(Dataset excerpts)
____

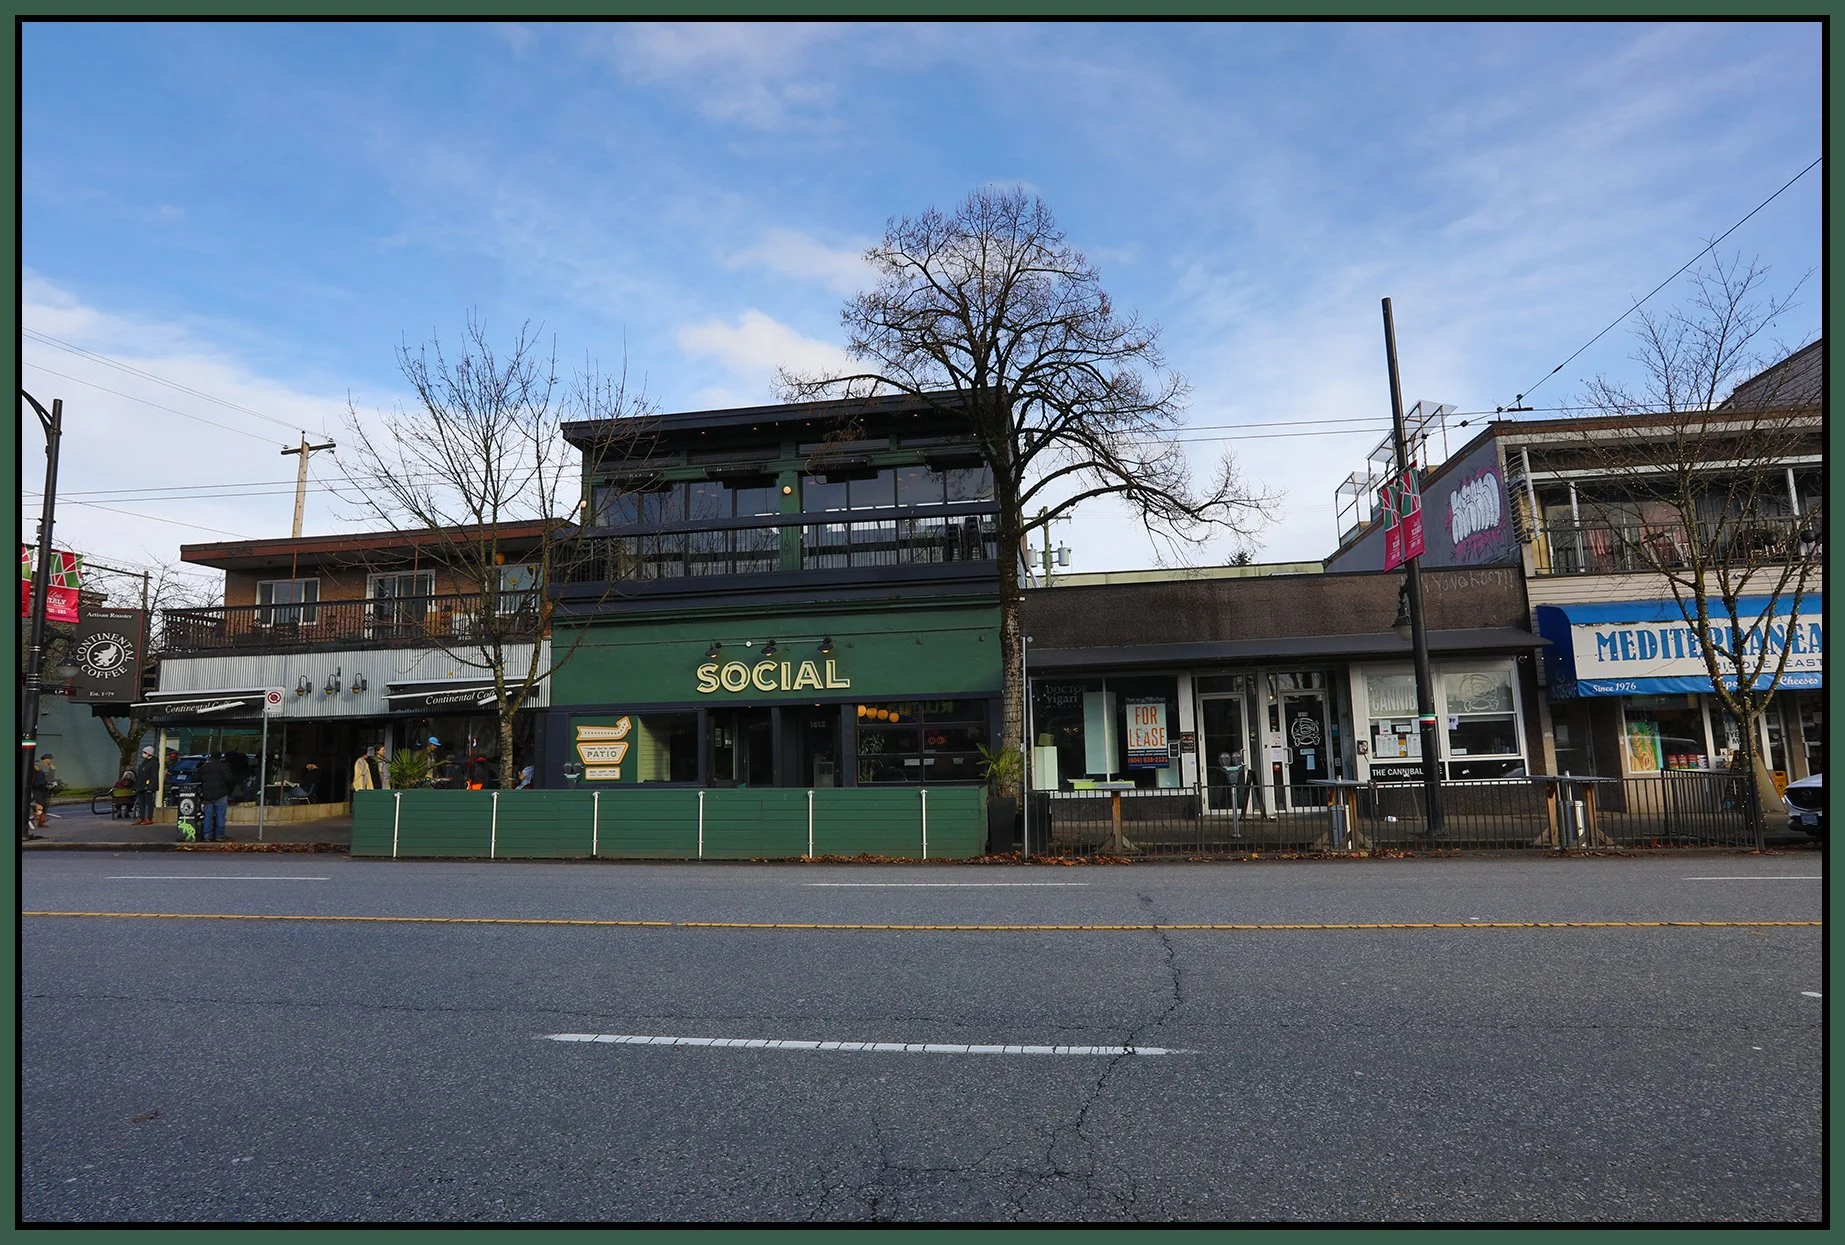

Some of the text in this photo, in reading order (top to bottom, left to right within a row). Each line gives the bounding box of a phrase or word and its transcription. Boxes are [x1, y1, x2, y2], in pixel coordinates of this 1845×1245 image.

[76, 632, 135, 661] CONTINENTAL
[81, 664, 128, 679] COFFEE
[696, 659, 850, 693] SOCIAL
[1592, 682, 1637, 692] Since 1976
[1780, 675, 1819, 686] Cheeses
[1046, 685, 1088, 695] DOCTOR
[425, 691, 475, 705] Continental
[1372, 686, 1419, 712] CANNIB
[165, 701, 211, 713] Continental
[1135, 706, 1157, 725] FOR
[1128, 727, 1166, 747] LEASE
[587, 750, 617, 758] PATIO
[1372, 767, 1424, 777] THE CANNIBAL
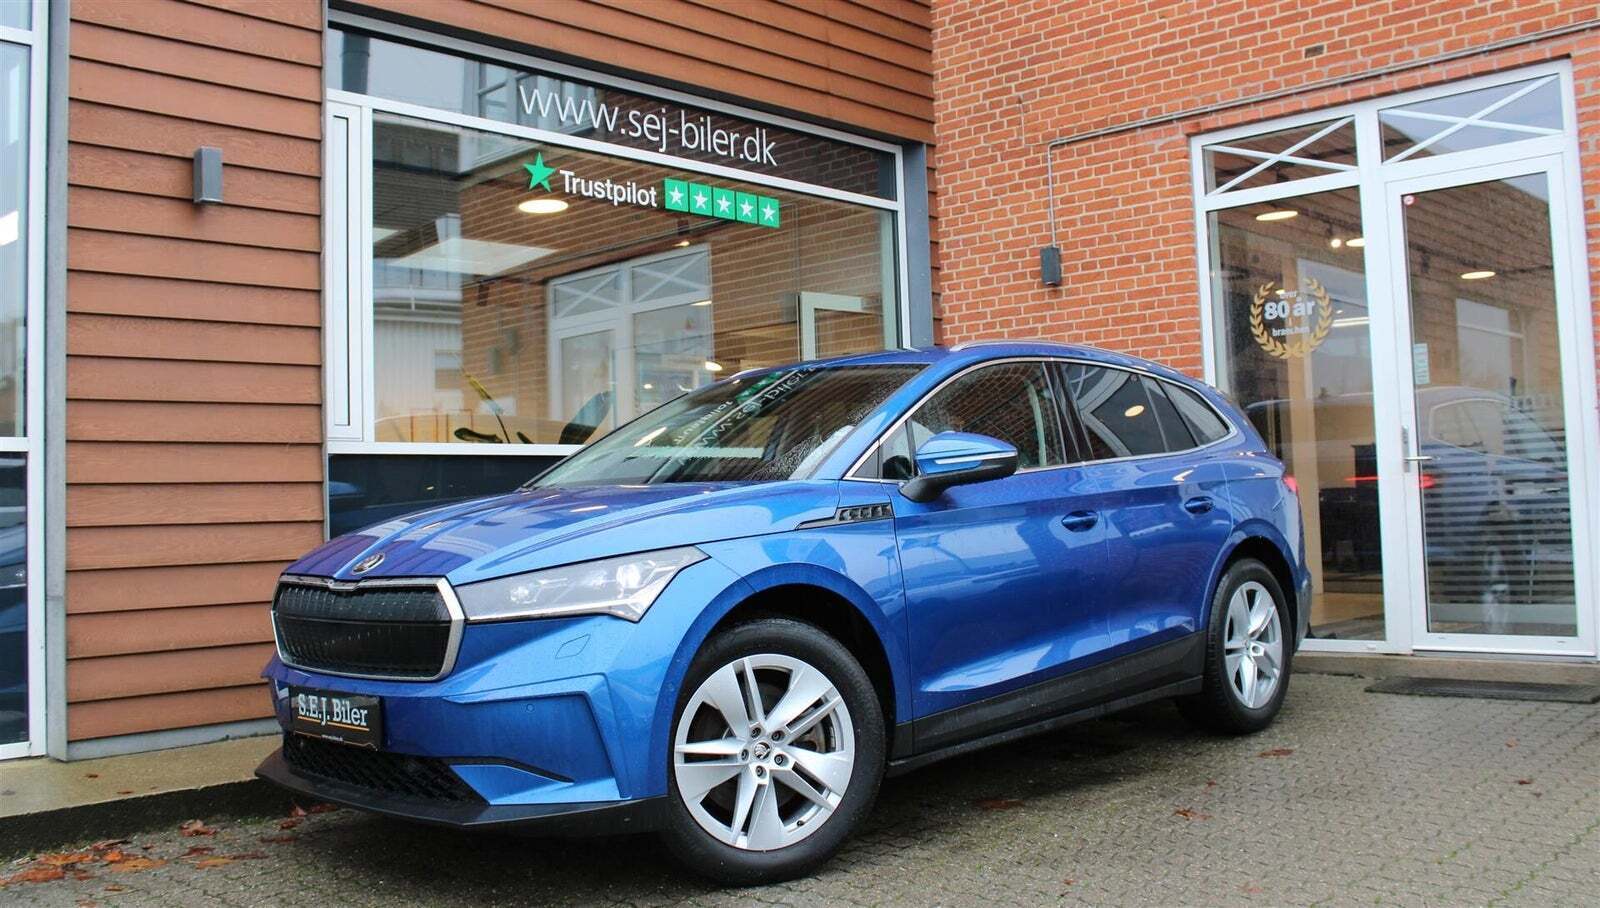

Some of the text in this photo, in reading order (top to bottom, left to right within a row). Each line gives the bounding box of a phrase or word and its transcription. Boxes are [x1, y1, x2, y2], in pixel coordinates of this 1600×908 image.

[519, 85, 778, 167] www.sej-biler.dk
[559, 169, 658, 208] Trustpilot
[1264, 297, 1315, 320] 80 år
[297, 693, 369, 727] S.E.J. Biler

____

What the task asks:
The records are to be returned word for word, without any of their pictures.

Answer space:
Some of the text in this photo, in reading order (top to bottom, left to right within a row). Each line gives the bounding box of a phrase or word and its transcription. Boxes are [x1, y1, x2, y2], in pixel coordinates of this 1845×1245 image.

[76, 632, 135, 661] CONTINENTAL
[81, 664, 128, 679] COFFEE
[696, 659, 850, 693] SOCIAL
[1592, 682, 1637, 692] Since 1976
[1780, 675, 1819, 686] Cheeses
[1046, 685, 1088, 695] DOCTOR
[425, 691, 475, 705] Continental
[1372, 686, 1419, 712] CANNIB
[165, 701, 211, 713] Continental
[1135, 706, 1157, 725] FOR
[1128, 727, 1166, 747] LEASE
[587, 750, 617, 758] PATIO
[1372, 767, 1424, 777] THE CANNIBAL

Some of the text in this photo, in reading order (top to bottom, left to right within a row). Each line gives the bounding box of a phrase or word and its transcription. Boxes are [x1, y1, x2, y2], in pixel coordinates of this 1600×908 image.

[519, 85, 778, 167] www.sej-biler.dk
[559, 169, 658, 208] Trustpilot
[1264, 297, 1315, 320] 80 år
[297, 693, 369, 727] S.E.J. Biler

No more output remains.